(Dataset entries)
====

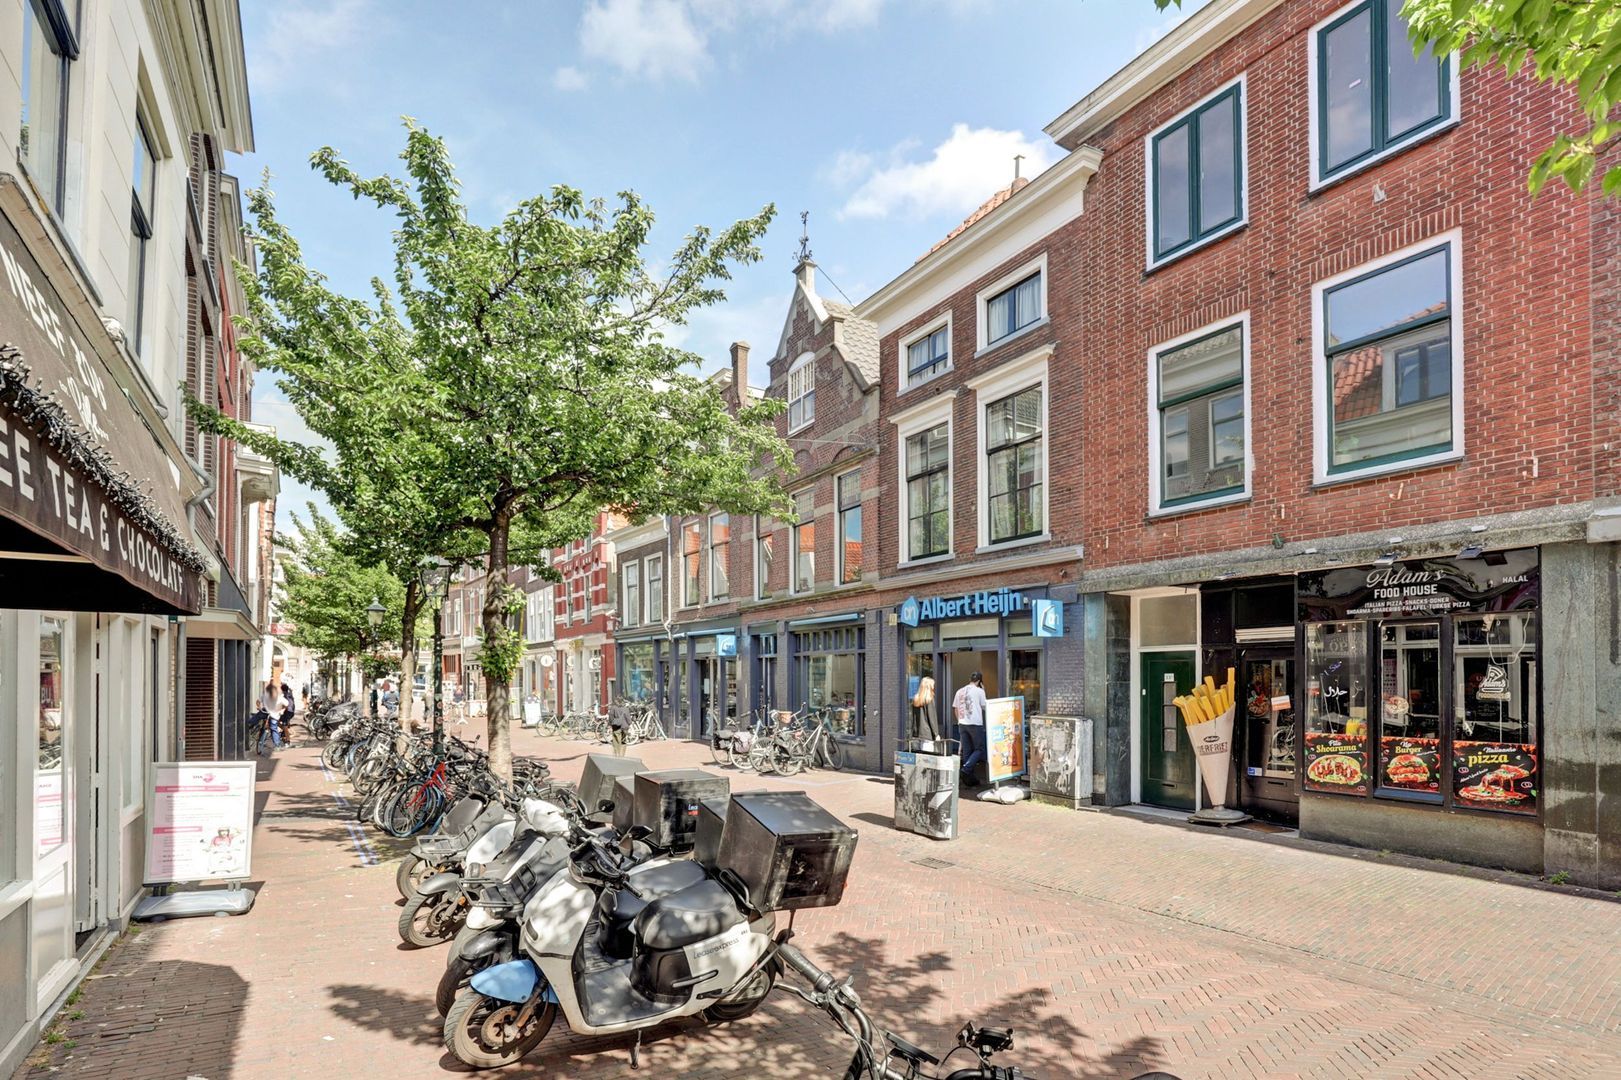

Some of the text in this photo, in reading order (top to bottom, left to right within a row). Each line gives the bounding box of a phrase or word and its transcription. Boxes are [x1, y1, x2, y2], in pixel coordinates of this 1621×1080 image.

[46, 455, 94, 541] TEA
[100, 503, 110, 551] &
[1502, 575, 1529, 584] HALAL
[1374, 584, 1438, 599] FOOD HOUSE
[920, 587, 1022, 620] Albert Heijn
[1315, 744, 1357, 753] Shoarama
[1395, 746, 1423, 755] Burger
[1468, 751, 1509, 767] pizza

====

_Required action:_
Reproduce the records above exactly, leaving out every picture they contain.

_Answer:_
Some of the text in this photo, in reading order (top to bottom, left to right within a row). Each line gives the bounding box of a phrase or word and its transcription. Boxes are [x1, y1, x2, y2], in pixel coordinates of this 1621×1080 image.

[46, 455, 94, 541] TEA
[100, 503, 110, 551] &
[1502, 575, 1529, 584] HALAL
[1374, 584, 1438, 599] FOOD HOUSE
[920, 587, 1022, 620] Albert Heijn
[1315, 744, 1357, 753] Shoarama
[1395, 746, 1423, 755] Burger
[1468, 751, 1509, 767] pizza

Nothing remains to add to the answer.